La ménagerie (attraction principale de tout cirque de province, surtout les lions, tigres, éléphants et moins les chèvres quand même) avait largement perdu du poil de la bête et ressemblait plus à un meeting folklorique visant à dénoncer les méfaits commis par je ne sais quel laboratoire pharmaceutique (je ne porte pas de crème de jour, j’aborde donc le problème avec sérénité).
Petit je n’aimais pas le cirque et j’en voulais presque à certains de cautionner cette activité en y allant (et la maltraitance des animaux par la même occasion).
Je n’avais évidemment pas compris que ces troupes ambulantes éprises de liberté exerçaient peut-être un art ancestral, avec les moyens dont elles disposaient et en famille. Je n’avais pas compris non plus que le cirque n’est pas que ces spectacles surannés mais peut se muer en une représentation magique.

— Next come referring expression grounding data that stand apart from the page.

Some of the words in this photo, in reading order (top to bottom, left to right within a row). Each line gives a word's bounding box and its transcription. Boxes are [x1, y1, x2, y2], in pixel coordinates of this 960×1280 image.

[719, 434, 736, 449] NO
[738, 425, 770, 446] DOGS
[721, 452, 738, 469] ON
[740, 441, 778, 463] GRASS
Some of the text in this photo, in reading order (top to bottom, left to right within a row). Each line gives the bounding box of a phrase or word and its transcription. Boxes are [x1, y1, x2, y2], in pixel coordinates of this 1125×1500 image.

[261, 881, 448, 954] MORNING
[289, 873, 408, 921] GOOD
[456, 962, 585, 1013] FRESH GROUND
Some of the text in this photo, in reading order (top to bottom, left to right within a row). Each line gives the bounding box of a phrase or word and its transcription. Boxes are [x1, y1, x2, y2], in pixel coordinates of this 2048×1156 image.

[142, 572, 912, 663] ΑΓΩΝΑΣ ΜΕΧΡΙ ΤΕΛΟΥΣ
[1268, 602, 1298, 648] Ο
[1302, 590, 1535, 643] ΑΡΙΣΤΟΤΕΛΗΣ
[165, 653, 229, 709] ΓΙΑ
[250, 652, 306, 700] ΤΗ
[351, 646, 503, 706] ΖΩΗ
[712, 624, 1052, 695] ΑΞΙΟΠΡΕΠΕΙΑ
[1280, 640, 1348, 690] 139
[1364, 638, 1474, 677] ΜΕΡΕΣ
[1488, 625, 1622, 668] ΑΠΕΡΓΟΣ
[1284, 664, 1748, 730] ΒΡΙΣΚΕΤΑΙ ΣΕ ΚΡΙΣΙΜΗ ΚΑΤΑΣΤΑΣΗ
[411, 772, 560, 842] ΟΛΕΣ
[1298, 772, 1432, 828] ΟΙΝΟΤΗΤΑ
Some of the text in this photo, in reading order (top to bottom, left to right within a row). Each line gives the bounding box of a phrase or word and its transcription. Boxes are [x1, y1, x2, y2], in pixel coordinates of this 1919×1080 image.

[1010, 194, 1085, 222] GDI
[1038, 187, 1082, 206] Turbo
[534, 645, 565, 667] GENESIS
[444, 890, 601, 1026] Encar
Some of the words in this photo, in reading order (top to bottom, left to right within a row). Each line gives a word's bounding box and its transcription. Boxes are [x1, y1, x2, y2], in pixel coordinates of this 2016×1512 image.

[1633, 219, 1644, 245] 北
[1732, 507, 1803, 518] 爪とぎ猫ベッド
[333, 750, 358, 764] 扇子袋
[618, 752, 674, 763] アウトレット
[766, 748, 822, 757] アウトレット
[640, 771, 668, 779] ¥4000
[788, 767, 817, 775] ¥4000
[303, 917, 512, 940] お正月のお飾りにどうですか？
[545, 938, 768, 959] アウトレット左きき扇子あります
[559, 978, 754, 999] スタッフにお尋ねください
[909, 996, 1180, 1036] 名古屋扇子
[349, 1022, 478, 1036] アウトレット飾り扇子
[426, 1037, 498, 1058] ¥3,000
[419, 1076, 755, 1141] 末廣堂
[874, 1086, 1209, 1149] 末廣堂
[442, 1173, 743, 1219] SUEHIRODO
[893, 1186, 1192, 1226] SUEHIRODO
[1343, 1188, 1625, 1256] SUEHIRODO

Des années après (grand et fort je suis devenu mais surtout plus mature et réfléchi je crois) m’a été offerte une occasion unique de vérifier à quel point mon avis sur la question était erroné. Je travaillais à cette époque pour une grande société (de celles qui ne se meuvent que par décisions d’actionnaires) dont la méthode principale de management consistait à offrir un beau voyage (sous couvert de séjours professionnels naturellement, les agents du fisc sont nos amis) à ses cadres les plus valeureux (ceux qui rapportent beaucoup donc, au mépris de nombreuses valeurs).
C’était il y a 10 ans je crois (je suis si différent aujourd’hui que j’aurais pu écrire cent ans, mille ans, une éternité).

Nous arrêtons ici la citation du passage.